Sie würde ausflippen, keine Frage. Sie würde ihm drohen, ihn zu enterben. Nun, er hatte seine Mathematikprofessur und hatte schon einige Bücher verlegt... er verdiente selbst genug, um darauf nicht angewiesen zu sein. Den Adelstitel konnte sie ihm nicht entziehen, aber selbst wenn – er legte keinen Wert darauf.


Ein leises Klopfen an der Tür riss ihn aus seinen Gedanken.
„Herein," sagte er und schaute auf den eintretenden.
Fischer.
„Professor von Joiko, ihr Mutter lässt ausrichten, dass die Gäste da sind und das Essen in wenigen Minuten aufgetragen wird."
Gäste. Pah, wieder Leute mit einer potentiellen Kreistagskandidatin im Schlepptau.
Nein, er hatte endgültig genug.


„Fischer," sagte er leise, „sagen Sie, wie heißen Sie eigentlich mit Vornamen?"
Der andere sah ihn erstaunt an.
„Ähm... Marti."
Jakob grinste. „Darf ich Sie so nennen?"
„Ja... gerne..." Die Wangen des kleineren wurde rot.
„Gut, vielen Dank, Marti. Nennen Sie mich im Gegenzug Jakob, einverstanden?"
Die blauen Augen Martis funkelten, als er erfreut nickte.

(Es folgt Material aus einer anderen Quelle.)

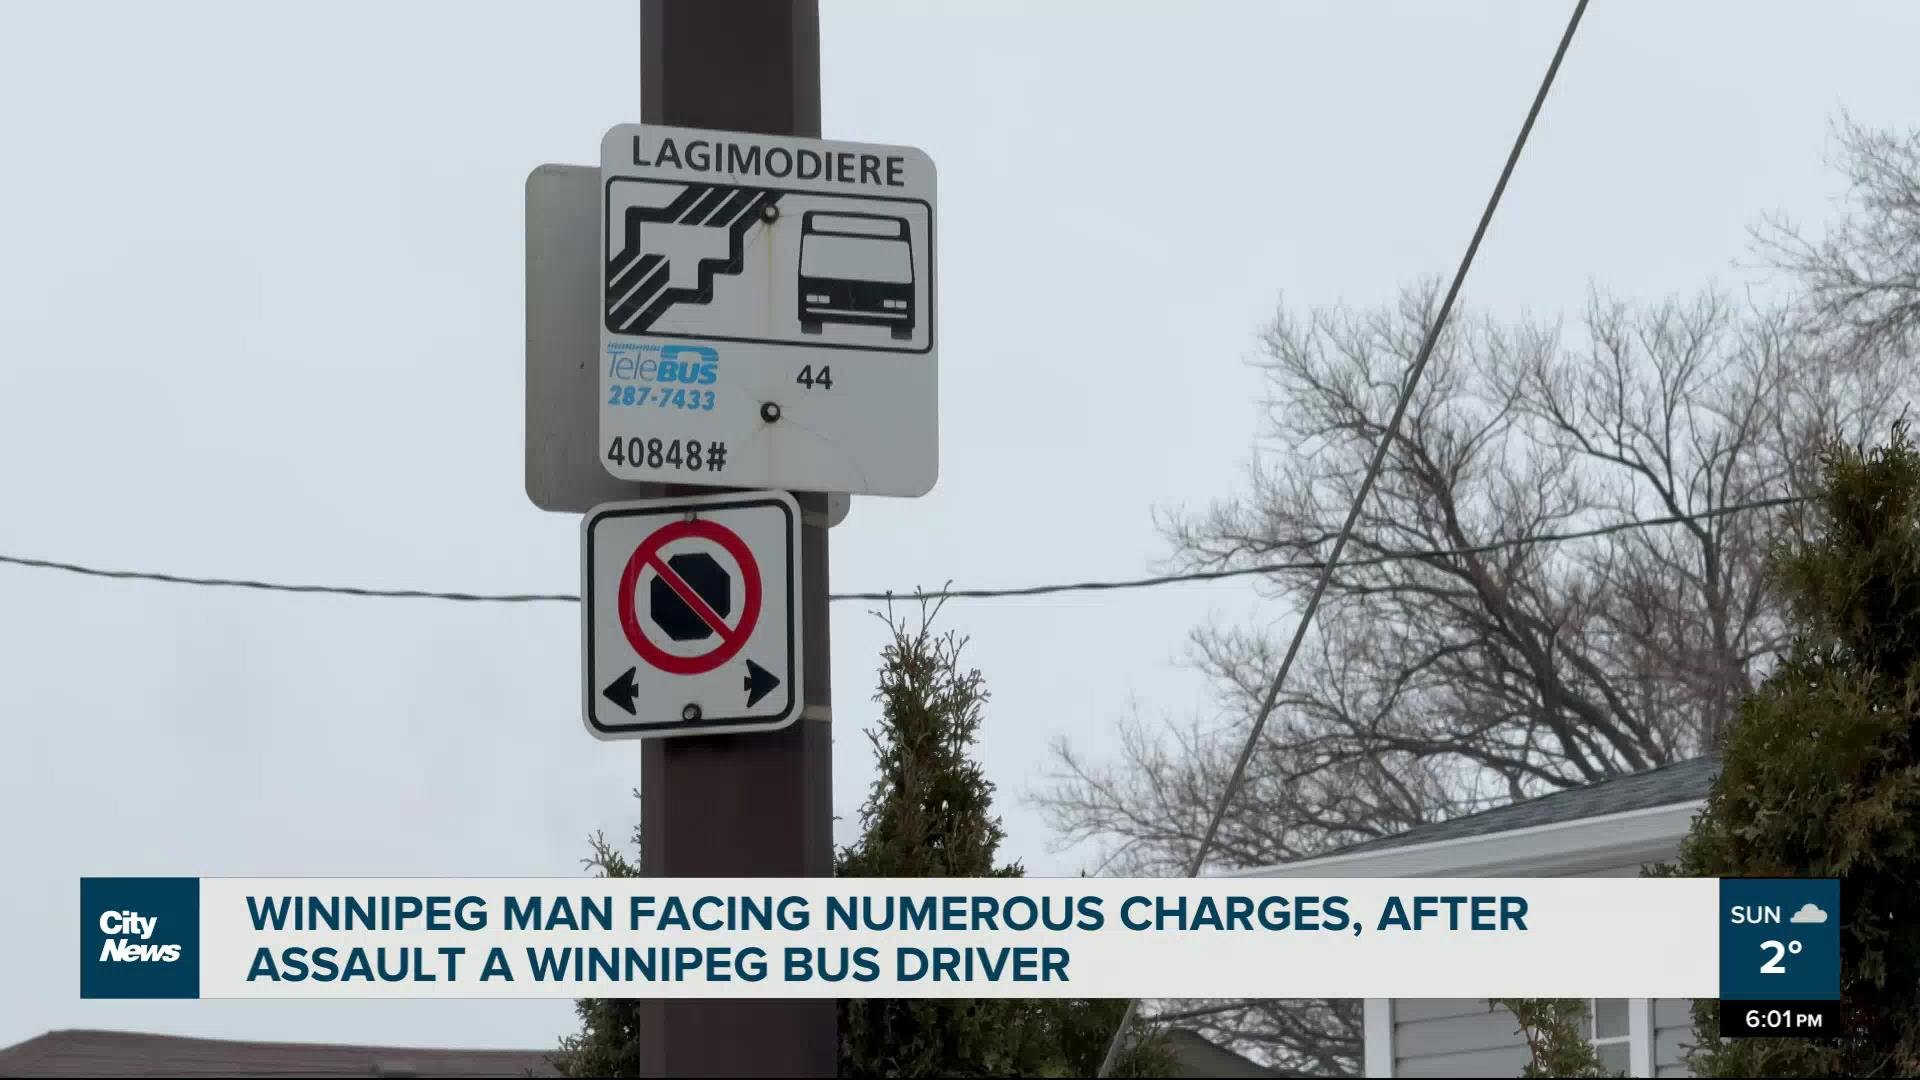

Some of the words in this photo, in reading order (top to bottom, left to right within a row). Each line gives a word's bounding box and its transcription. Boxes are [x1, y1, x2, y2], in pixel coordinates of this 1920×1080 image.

„Und jetzt, Marti, habe ich eine große Bitte an Sie. Wären Sie bereut, gemeinsam mit mir der ganzen Scharade ein Ende zu setzen und meiner Mutter eins auszuwischen?"
Der andere Grinste. Er mochte Frau von Joiko nicht besonders, besonders nicht wie die mit ihrem Sohn umging. Den er im übrigen äußerst gutaussehend und charmant fand...
Er nickte also und sagte:
„Was soll ich tun?"


Und so kam es, dass kurze Zeit später Professor Jakob von Joiko Marti Fischer den Arm reichte und ihn, nun in Anzug und Krawatte steckend, in das Esszimmer geleitet und ihn dort innerlich grinsend als seine Verlobten vorstellte.
Die Mutter kriegte eine hysterischen Anfall und drohte mit allem möglichen.
Die potentielle Heiratskandidatin verließ mit den sie begleitenden Eltern beleidigt das Anwesen.
Jakobs Vater, der bisher zu allem geschwiegen hatten, schmunzelte und schenkte seinem Sohn ein amüsiertes und ein bisschen stolzes Schulterklopfen, was ihm zwar Ärger mit seiner Frau einbrachte, aber er ohnehin von stoischer Gelassenheit.


Die Presse griff die ganze Sache mit großem Vergnügen auf, und schon wurde Locations und Termine für ihre Hochzeit gehandelt.
Eigentlich hatten Jakob und Marti das ganze recht schnell wieder auflösen wollen.
Doch...
Sie bemerkten, das sie das eigentlich gar nicht wollten.. und so blieb die Verlobung bestehen, und ein halbes Jahr später gaben sich Jakob von Joiko und Marti von Joiko, geborener Fischer, das Jawort.
Die Trauungszeremonie fand im kleinsten Kreise im Arbeitszimmer statt, jenem Zimmer, indem aus einer Trotzidee heraus eine der glücklichsten Ehen entstanden ist, die man sich vorstellen kann.